• AIM OF THE TASK
Return the entries below word for word. No picture belongs in the copy.

>>>>>

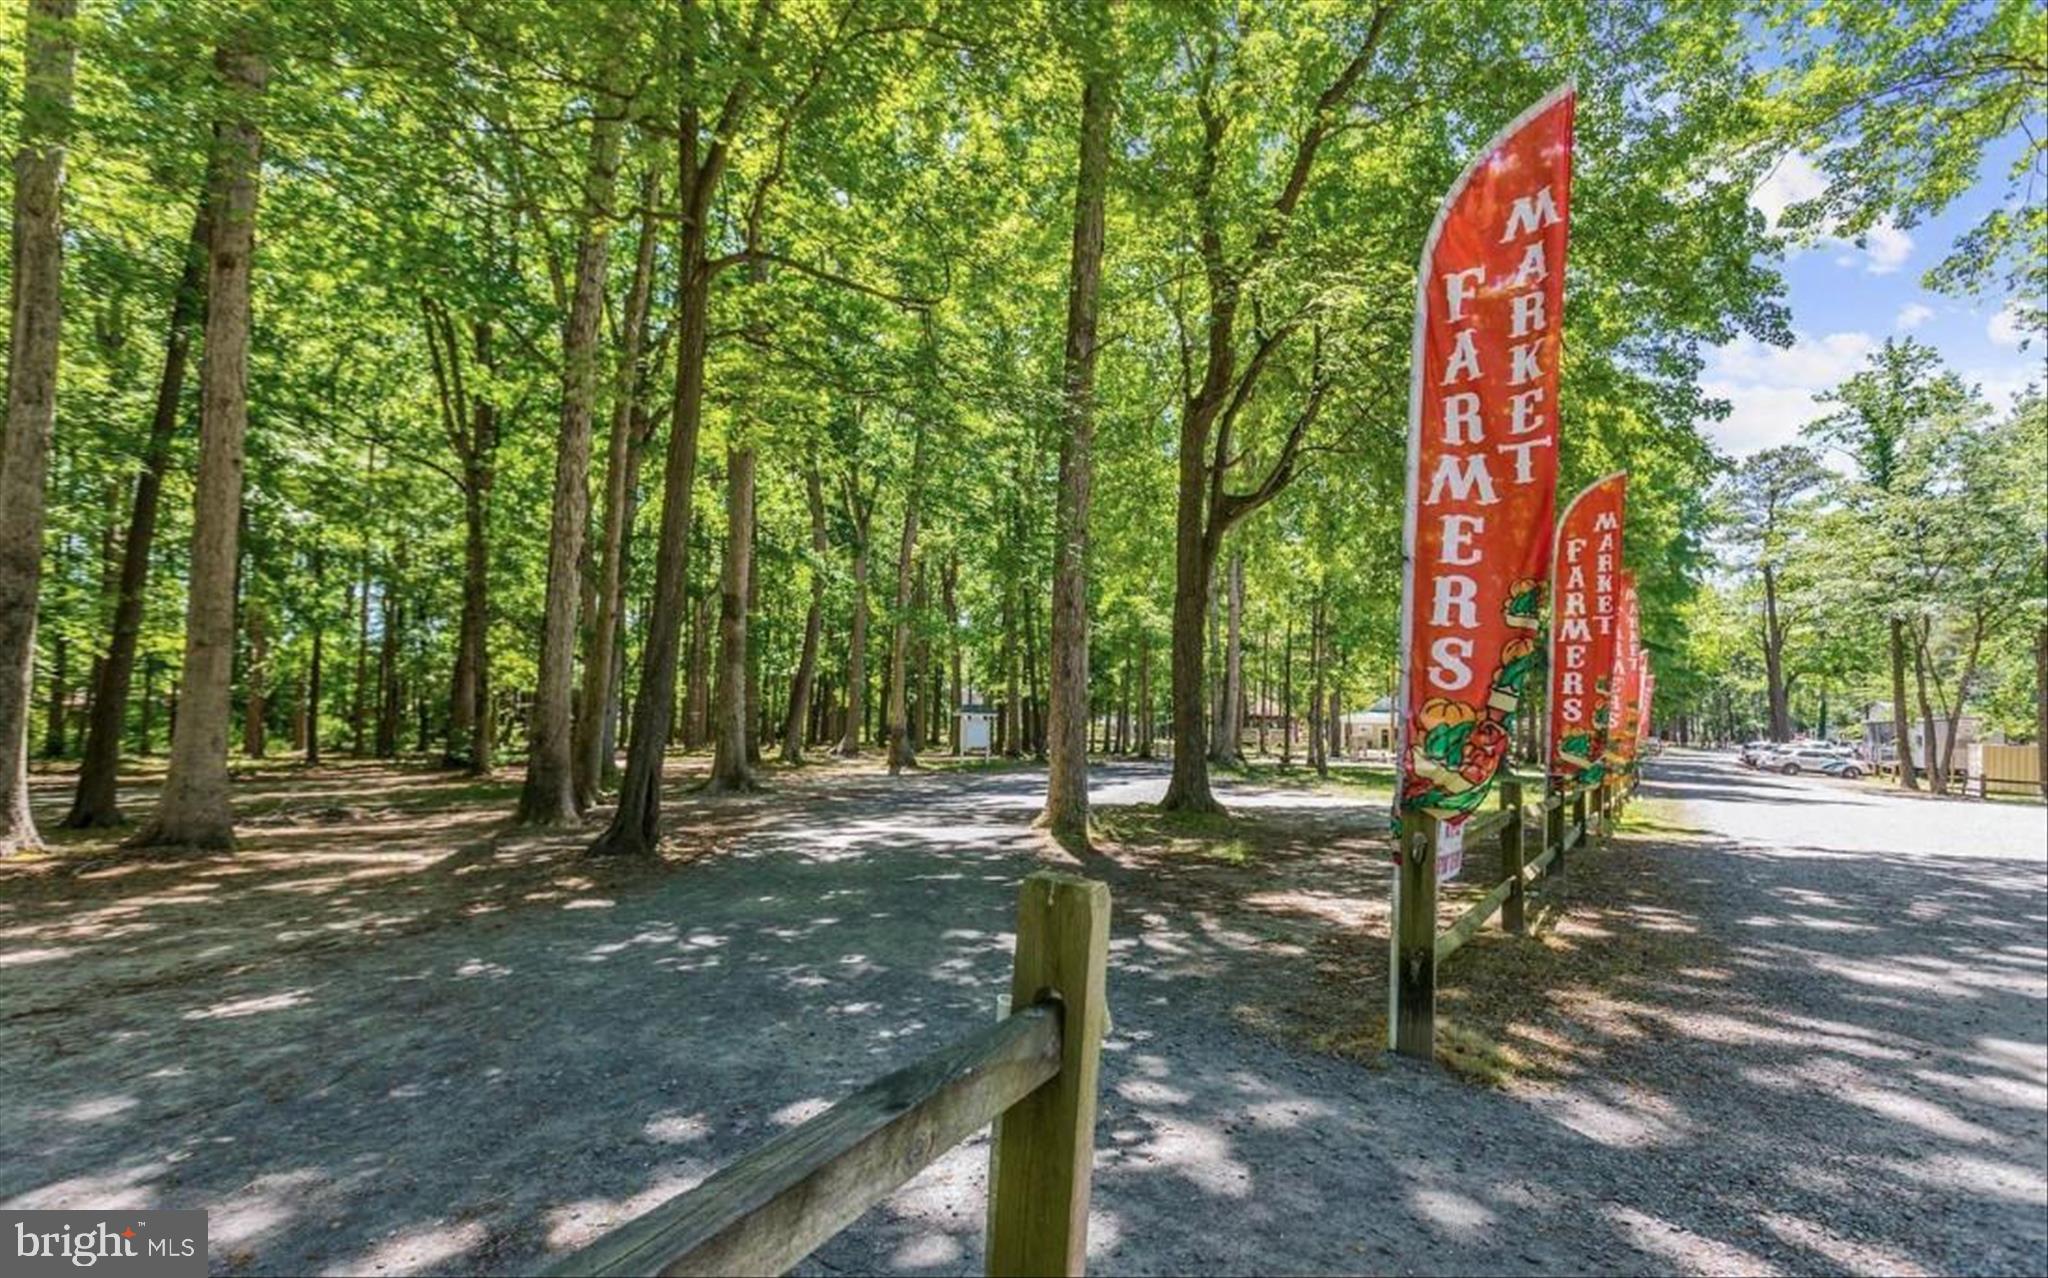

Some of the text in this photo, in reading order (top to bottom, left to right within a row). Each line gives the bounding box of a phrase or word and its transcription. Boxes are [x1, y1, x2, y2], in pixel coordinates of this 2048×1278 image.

[1498, 186, 1563, 485] MARKET
[1422, 264, 1502, 692] FARMERS
[1592, 511, 1619, 635] MARKET
[1558, 538, 1593, 723] FARMERS

<<<<<

• OUTPUT
Some of the text in this photo, in reading order (top to bottom, left to right within a row). Each line gives the bounding box of a phrase or word and its transcription. Boxes are [x1, y1, x2, y2], in pixel coordinates of this 2048×1278 image.

[1498, 186, 1563, 485] MARKET
[1422, 264, 1502, 692] FARMERS
[1592, 511, 1619, 635] MARKET
[1558, 538, 1593, 723] FARMERS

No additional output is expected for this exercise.